2.1 Machine learning basics
Machine learning enables computers to learn from data, identify patterns, and make decisions with varying levels of human intervention. For understanding this chapter, it is important to realize that some machine learning methods require quite strict human intervention or data pre-processing, while other methods can operate unsupervised and without stringent data pre-processing.
It is also important to understand that machine learning methods often work by means of training. An algorithm is trained to perform a single task or set of tasks. For example, a machine learning model can be trained on thousands of images to differentiate between photos of children or adults. Much like our own brain would learn to differentiate between such images.

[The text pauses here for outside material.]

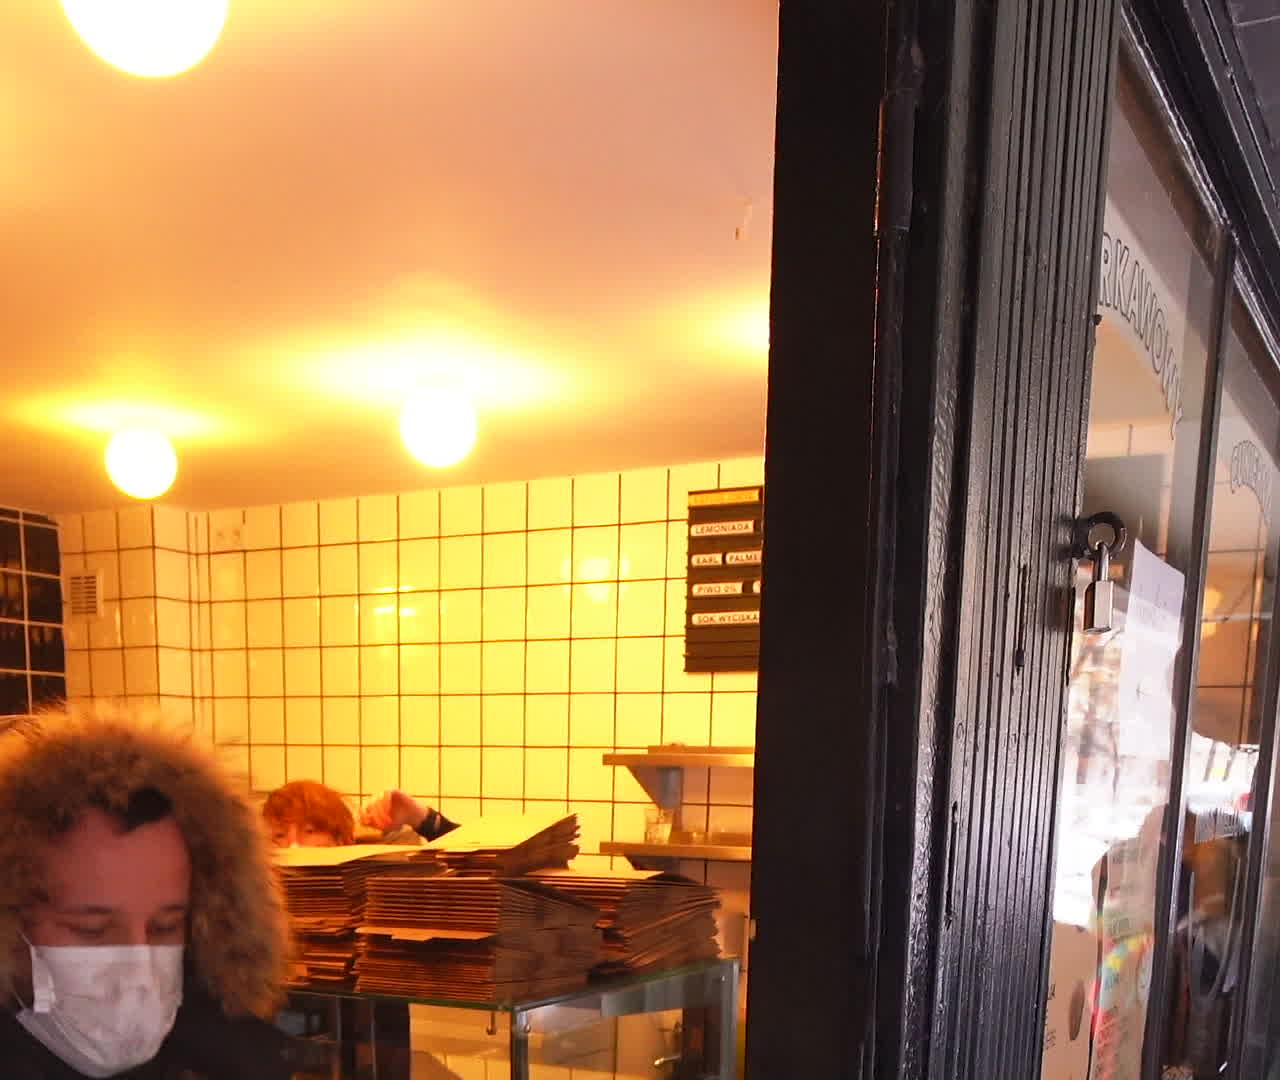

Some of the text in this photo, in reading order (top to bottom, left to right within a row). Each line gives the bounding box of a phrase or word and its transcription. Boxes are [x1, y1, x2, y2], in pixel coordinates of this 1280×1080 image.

The domain of machine learning that focuses on such human brain-like deep learning strategies is called neural networks (NNs). NNs consist of layers of units (so called neurons) that process input data. NNs are not specifically programmed to perform tasks, yet NNs process data in such a way that they autonomously learn to perform those tasks.
2.2 Transformers
Transformers (Vaswani et al. 2017) are a type of neural network that have advanced deep learning, particularly in the domain of natural language processing. Instead of modeling words one after another, transformers can look at whole sentences or paragraphs at once and take the context of text into account. It is not hard to imagine that contextual understanding allows for better learning and more flexible applications.
Generative AI tools, such as Gemini, chatGPT or GitHub Copilot are applications of transformers. These tools have been trained on extremely large amounts of data (mostly text) and have learned from the structure, meaning and nuances of the language. After training, these tools can generate new text that both coherent an contextually relevant. All this generation is based on the patterns the transformers learned during training.
There is a bit more nuance to the above two paragraph than I would initially have you believe. First, there are two mechanisms crucial in a transformer’s ability to understand the nuance and context of language: attention and self-attention. In a nutshell, these mechanisms allow the transformer to weigh the importance of words in the context, which creates a measure of the immediate and broader relations of each word. Second, the training step is far more complex than described above. There is a lot of fine-tuning involved. Additionally, for different purposes like programming code generation or visual image recognition, models must undergo additional training or finetuning with specific data sets. This makes the training of contemporary AI tools a time-consuming and human-curated task.
Contemporary AI tools can do much more than predict the next most likely word based on a given prompt or initial input. Modern AI tools can interpret images, read and solve mathematical formulae, start up virtual machines to autonomously evaluate self-generated computer code, and much more. Given the relatively recent introduction of transformers, this seamless integration of applications, skills and tasks is an impressive development.